Apart from flipping panels over to reveal a picture of each girl and add it to your gallery while listening to J-pop, there’s really not much else to 萌めくり. It has pretty colors and a very catchy pop song — exactly what I had imagined I would come across in-game. But the fact that I don’t understand jackshit past the menu really annoys the hell out of me. I don’t mean to sound like an ignorant American (as so many of us do to other countries) but I don’t even know how to fiddle around with the settings or…or know the title of the game I’m playing.

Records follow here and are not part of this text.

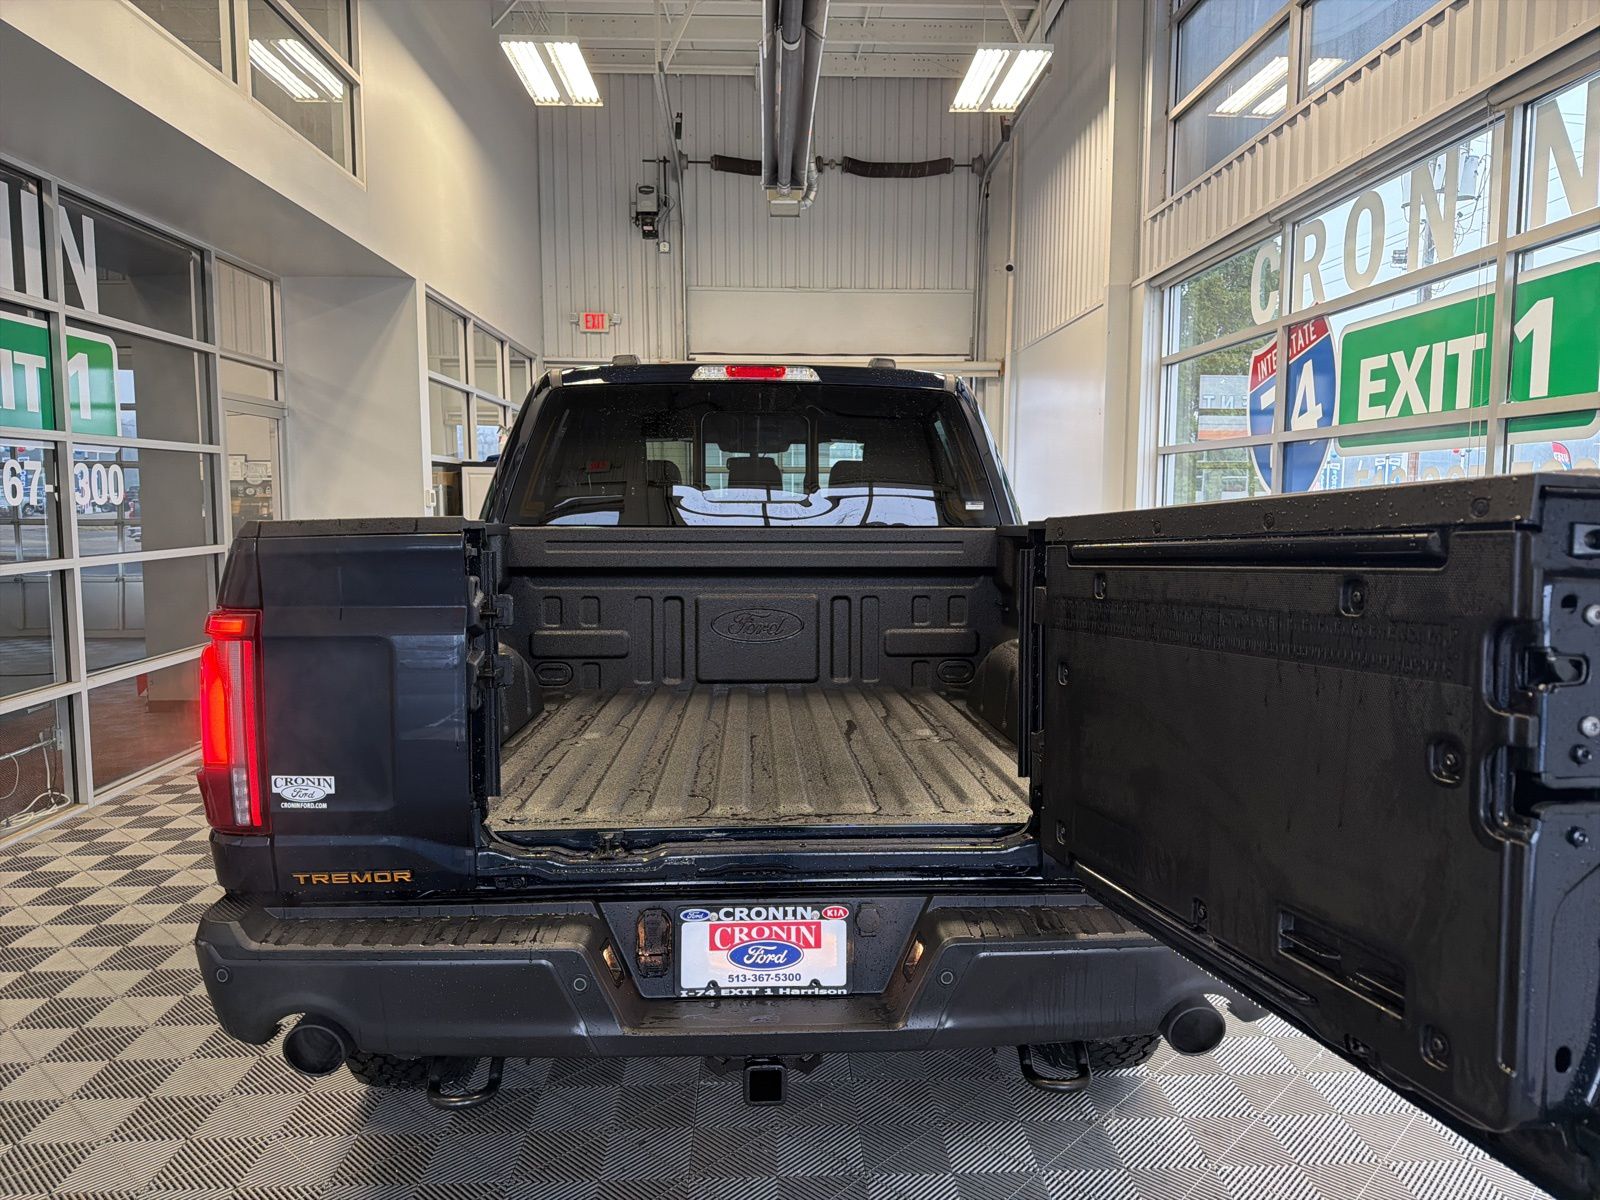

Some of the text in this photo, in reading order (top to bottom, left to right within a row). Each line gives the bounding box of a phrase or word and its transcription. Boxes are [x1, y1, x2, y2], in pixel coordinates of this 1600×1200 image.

[584, 313, 605, 330] EXIT
[1257, 319, 1317, 382] INTETATE
[1357, 297, 1554, 422] EXIT 1
[67, 352, 92, 421] 1
[727, 612, 788, 636] Ford
[273, 776, 333, 790] CRONIN
[290, 787, 316, 799] Ford
[292, 870, 412, 885] TREMOR
[683, 910, 707, 920] Ford
[718, 906, 812, 921] CRONIN
[826, 908, 845, 918] KIA
[714, 924, 816, 950] CRONIN
[743, 945, 787, 965] Ford
[727, 973, 802, 983] 513-367-5300
[680, 987, 848, 997] I-74 EXIT 1 Harrison

So what’s the deal with Microsoft allowing these Japanese companies to release games that we essentially have no idea how to understand, let alone play? For all we know, kohei could be a Japanese corporation out to make a few dollars simply by selling hentai-like pictures on a platform that won’t ban them. But maybe I’m taking it overboard. After all, 萌めくり isn’t exactly porn. Likewise, I don’t see it sending any bad messages to gamers (but that may be because I can’t understand them).
As a puzzle game, there’s very little to 萌めくり. As I mentioned before, you flip over panels until revealing the entire picture. For the trial version, I was only able to play on the easy difficulty level…and even if I couldn’t, I’m generally not good with these types of games in the first place. The set time for the trial demo is annoying as well, as it kept cutting into my gameplay. But at the same time, I can’t fault Microsoft for doing what they do best.

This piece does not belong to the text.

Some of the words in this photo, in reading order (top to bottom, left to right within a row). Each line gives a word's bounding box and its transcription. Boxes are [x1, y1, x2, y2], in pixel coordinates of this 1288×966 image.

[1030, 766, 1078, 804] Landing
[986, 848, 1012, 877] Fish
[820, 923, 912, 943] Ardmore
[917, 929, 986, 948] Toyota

In conclusion, 萌めくり is unlike most other games I’ve come across on the XBLIG, but it’s really not much of a game at all. It seems more like a cash-in than anything else. But it’s not exactly as if kohei claimed the effort was some sort of elaborate gameplay experience. It’s very straightforward: open up these pictures of cartoon girls and then look at them. Some people might enjoy that for the 80 MSP ($1), but I’ll move on to actual games, please.
[This is not a review. This is a first impressions piece based on less than an hour of gameplay.]